* [BRIEF] The records must be duplicated exactly, with every picture left out.

* [RECORD EXTRACTS]

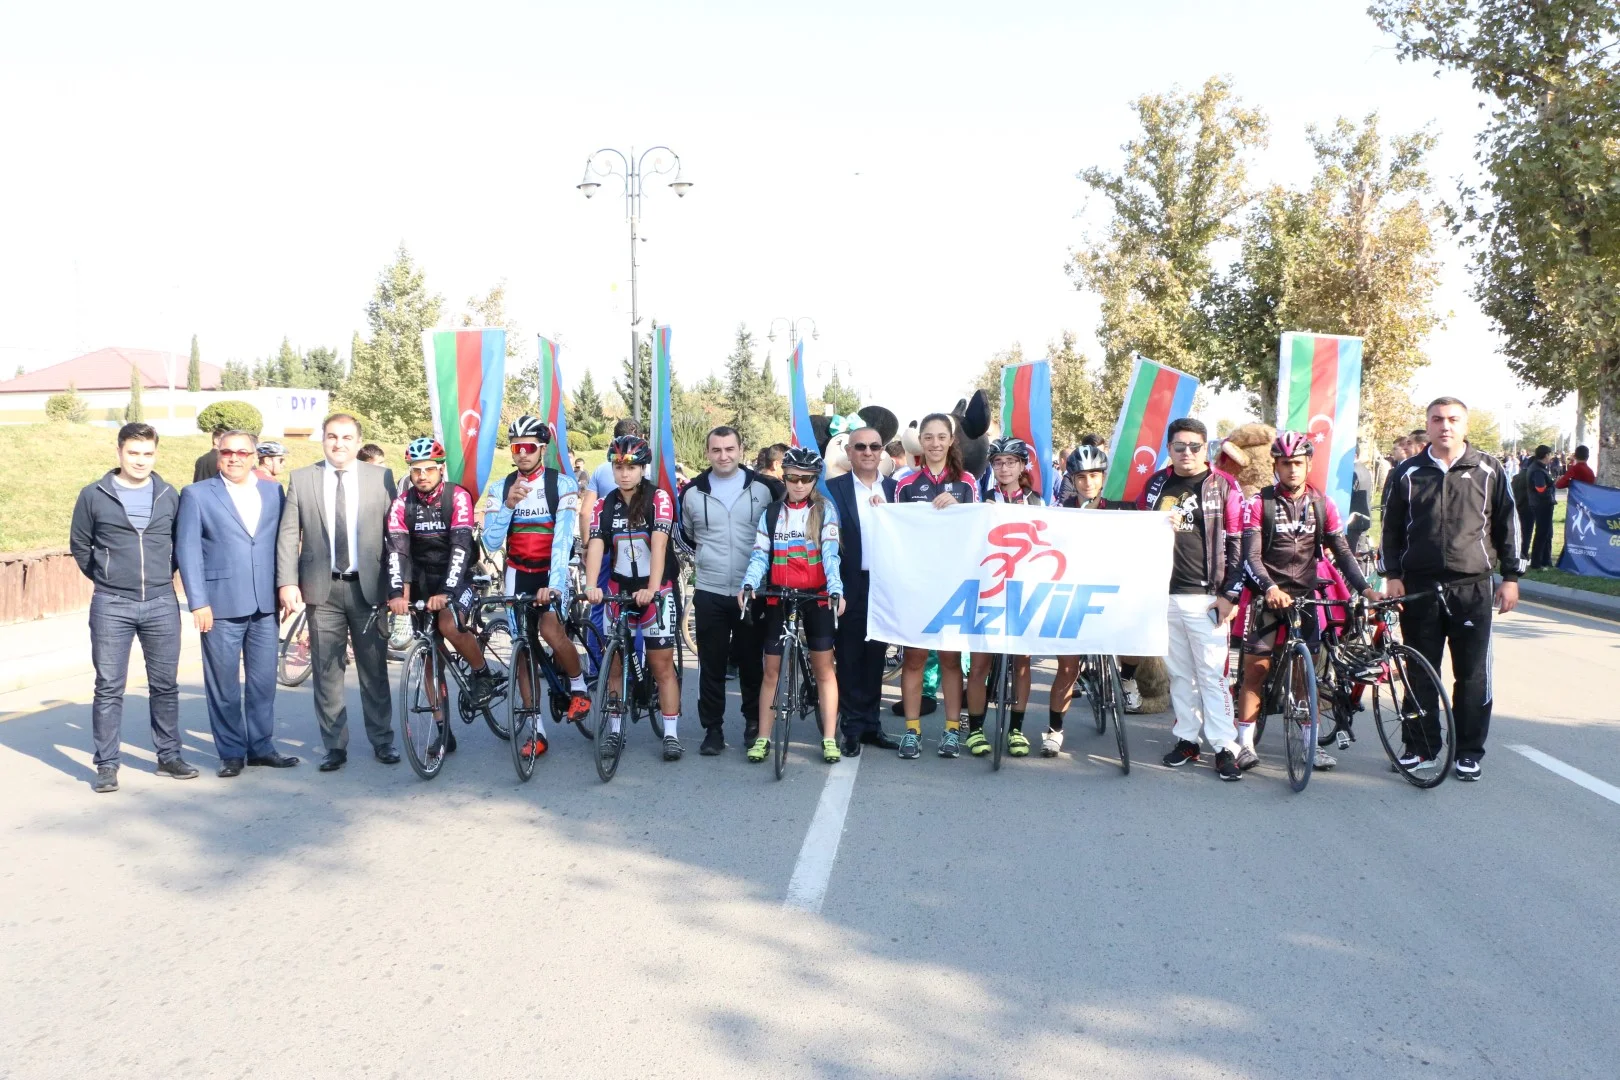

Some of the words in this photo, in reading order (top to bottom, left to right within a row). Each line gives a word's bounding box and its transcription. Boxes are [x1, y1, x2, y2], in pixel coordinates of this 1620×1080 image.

[291, 396, 316, 410] DYP
[414, 521, 446, 531] BAKU
[612, 518, 647, 530] BAU
[1276, 520, 1316, 534] BAKU
[389, 552, 402, 588] BAKU
[446, 548, 466, 588] BAKU
[664, 594, 676, 634] BAKU
[921, 579, 1120, 639] AzViF
[1219, 678, 1231, 716] AZERBAIJAN

* [RESPONSE FOR THIS EXERCISE]
Some of the words in this photo, in reading order (top to bottom, left to right within a row). Each line gives a word's bounding box and its transcription. Boxes are [x1, y1, x2, y2], in pixel coordinates of this 1620×1080 image.

[291, 396, 316, 410] DYP
[414, 521, 446, 531] BAKU
[612, 518, 647, 530] BAU
[1276, 520, 1316, 534] BAKU
[389, 552, 402, 588] BAKU
[446, 548, 466, 588] BAKU
[664, 594, 676, 634] BAKU
[921, 579, 1120, 639] AzViF
[1219, 678, 1231, 716] AZERBAIJAN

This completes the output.